Matéria da Bretanha / Brathair / 2003

As florestas, os castelos, os vestidos das damas e as armaduras sempre reluzentes dos cavaleiros vão compondo os cenários das narrativas que encerram a Matéria da Bretanha. Escritas entre os séculos XI e XIV, as aventuras ambientadas na corte do rei Artur e vividas pelos seus cavaleiros até hoje povoam o imaginário ocidental e são o objeto de estudo– e porque não dizer de paixão? – de historiadores, literatos, antropólogos, arqueólogos e demais pesquisadores, que se deixam encantar pelas narrativas arturianas.

Corroborando o nosso pensamento, J. Saraiva em Crepúsculo da Idade Média em Portugal (1988:60), afirma que a Matéria da Bretanha nos envolve num mundo encantado de mar, floresta, nevoeiro, fadas, filtros mágicos e metamorfoses.

Este primeiro número temático da Revista Eletrônica do Grupo de Estudos Celtas e Germânicos – BRATHAIR – traz aos seus leitores um conjunto de cinco artigos e duas resenhas, onde são analisados alguns textos que integram a Matéria da Bretanha.
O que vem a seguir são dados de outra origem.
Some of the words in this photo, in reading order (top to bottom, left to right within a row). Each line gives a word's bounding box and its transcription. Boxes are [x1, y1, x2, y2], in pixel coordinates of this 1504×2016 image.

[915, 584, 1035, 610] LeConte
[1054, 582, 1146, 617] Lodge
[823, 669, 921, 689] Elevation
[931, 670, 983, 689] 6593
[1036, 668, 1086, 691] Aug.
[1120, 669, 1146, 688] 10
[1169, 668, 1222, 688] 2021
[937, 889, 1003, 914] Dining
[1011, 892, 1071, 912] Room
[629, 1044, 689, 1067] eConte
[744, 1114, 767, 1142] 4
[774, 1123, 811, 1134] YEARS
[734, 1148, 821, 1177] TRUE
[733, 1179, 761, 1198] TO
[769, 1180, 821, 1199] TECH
Os textos centram-se nas representações do ciclo arturiano nas literaturas européias da Idade Média, utilizando obras anônimas como, por exemplo, A Demanda do Santo Graal, ou de autores como Wolfram von Eschenbach (Parsifal) e de outras narrativas relacionadas às Ilhas Britânicas, como A Viagem de São Brandão.
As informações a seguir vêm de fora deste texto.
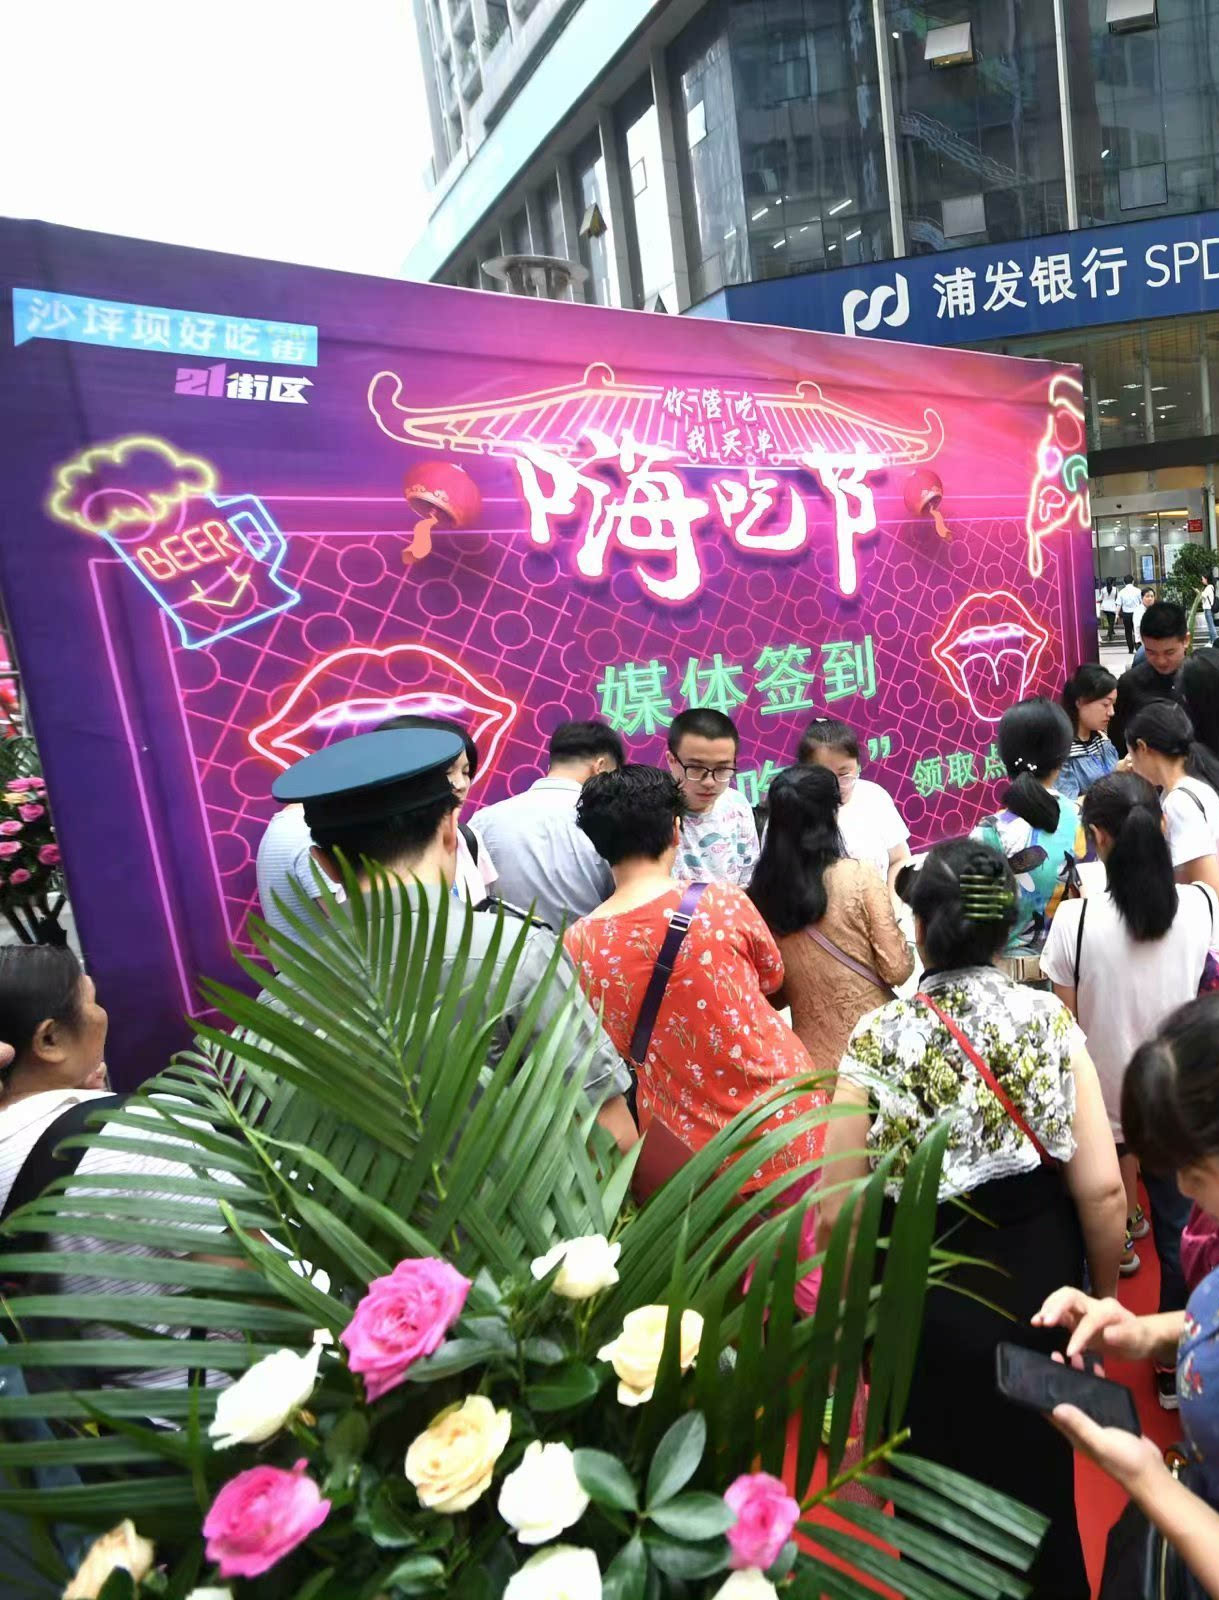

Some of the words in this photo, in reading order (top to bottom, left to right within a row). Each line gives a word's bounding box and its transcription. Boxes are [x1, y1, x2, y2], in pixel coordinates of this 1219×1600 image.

[933, 247, 1127, 319] 浦发银行
[26, 297, 309, 363] 沙坪坝好吃街
[174, 363, 315, 405] 21街区
[662, 386, 758, 422] 你管吃
[687, 425, 774, 459] 我买单
[515, 428, 890, 602] 嗨吃节
[136, 519, 242, 581] BEER
[597, 634, 878, 738] 媒体签到
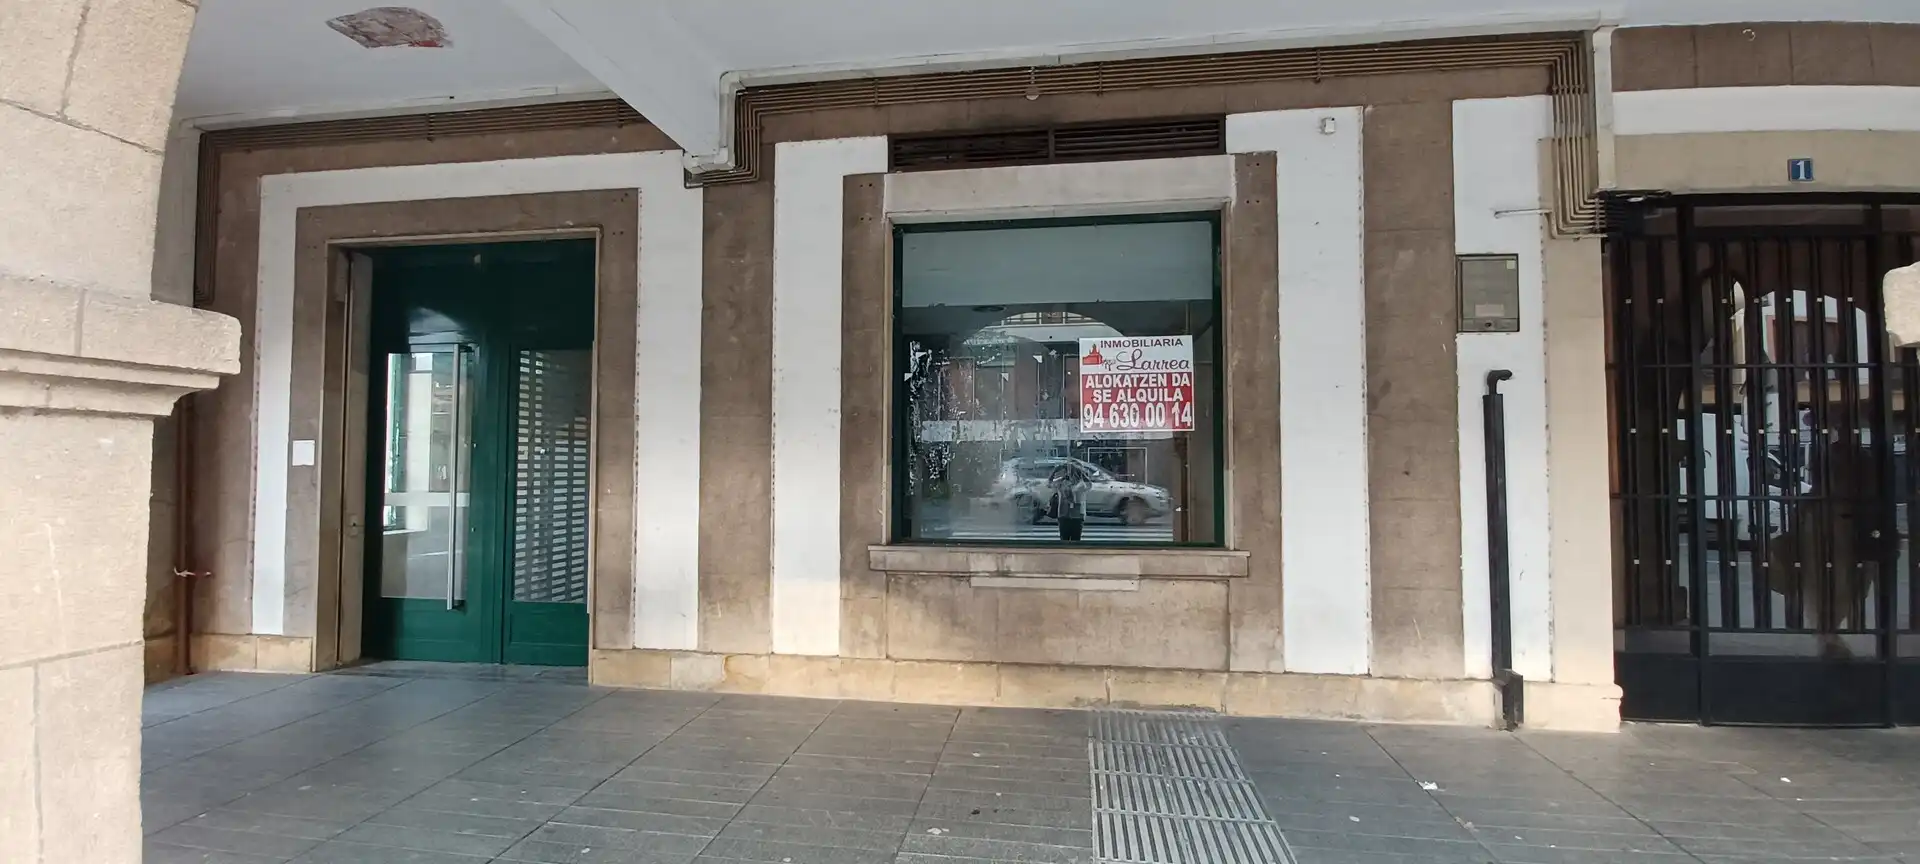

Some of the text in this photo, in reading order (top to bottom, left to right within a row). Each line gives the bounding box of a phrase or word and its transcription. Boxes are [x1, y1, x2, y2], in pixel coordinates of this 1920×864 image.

[1796, 160, 1806, 180] 1
[1100, 338, 1184, 348] INMOBILIARIA
[1115, 349, 1190, 371] Larrea
[1085, 373, 1191, 389] ALOKATZEN DA
[1092, 388, 1184, 403] SE ALQUILA
[1083, 402, 1192, 429] 94 630 00 14
O artigo de Antonio Furtado (PUC / RJ) traz um estudo de um conto intitulado La mule sans frein que se encontra em seu último livro, Aventuras na Távola Redonda (Vozes, 2003). Analisando o significado do freio que uma jovem e bela dama incumbe Sir Gawain de procurar, Furtado vai comparando a demanda do cavaleiro em busca do freio da mula com outros textos, onde também se empreende a busca por objetos mágicos e os desafios que esta emanda apresenta e como são superados. As aventuras de Gawain para auxiliar a dama são expostas de maneira a cativar o leitor e, mais ainda, fazê-lo viajar ao lado do cavaleiro. É um convite à aventura no mundo arturiano!
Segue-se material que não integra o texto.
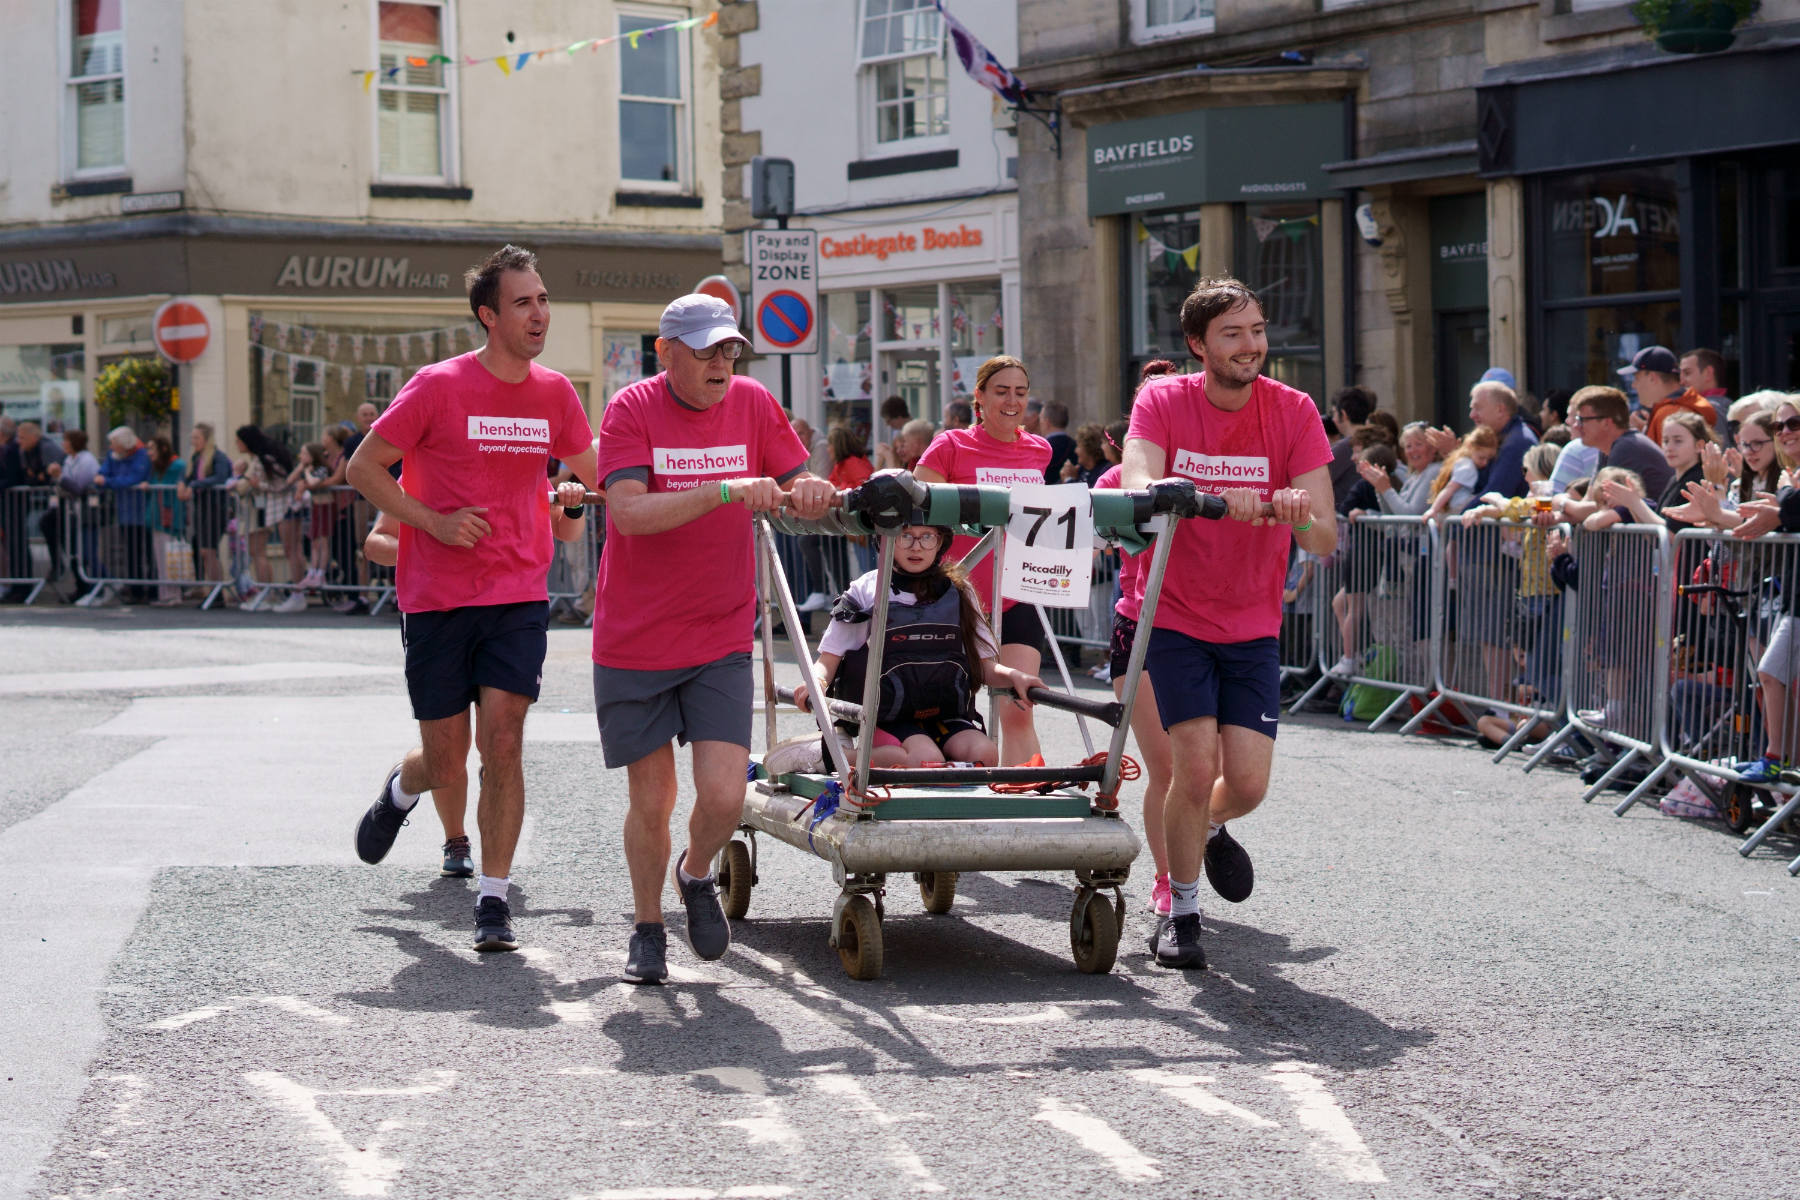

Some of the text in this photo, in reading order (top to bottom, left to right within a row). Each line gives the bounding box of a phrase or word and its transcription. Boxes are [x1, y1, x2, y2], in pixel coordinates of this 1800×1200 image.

[1094, 134, 1194, 165] BAYFIELDS
[757, 235, 810, 248] Pay and
[820, 224, 983, 261] Castlegate Books
[759, 249, 808, 263] Display
[276, 255, 450, 289] AURUM HAIR
[757, 265, 811, 281] ZONE
[478, 443, 507, 455] beyond
[666, 478, 699, 491] beyond
[1022, 505, 1077, 550] 71
[1021, 561, 1073, 577] Piccadilly
[908, 633, 956, 641] SOLA
Ainda nas empreitadas de viagem, o texto de Paulo Roberto Soares de Deus (UNB) apresenta uma análise da narrativa da viagem de São Brandão. O texto, que foi apresentado na sua forma escrita pela primeira vez no século X, narra a viagem empreendida por São Brandão e seus companheiros na busca do Paraíso. O texto de Soares analisa as questões da cultura clerical e dos elementos folclóricos que estão presentes no texto de A Viagem de São Brandão, refletindo sobre como esses dois temas estão expostos na narrativa irlandesa. As questões de oralidade e escrita são debatidas no artigo e apresentam reflexões elucidativas acerca dessa questão que é constante, quando se analisam os textos da Matéria da Bretanha.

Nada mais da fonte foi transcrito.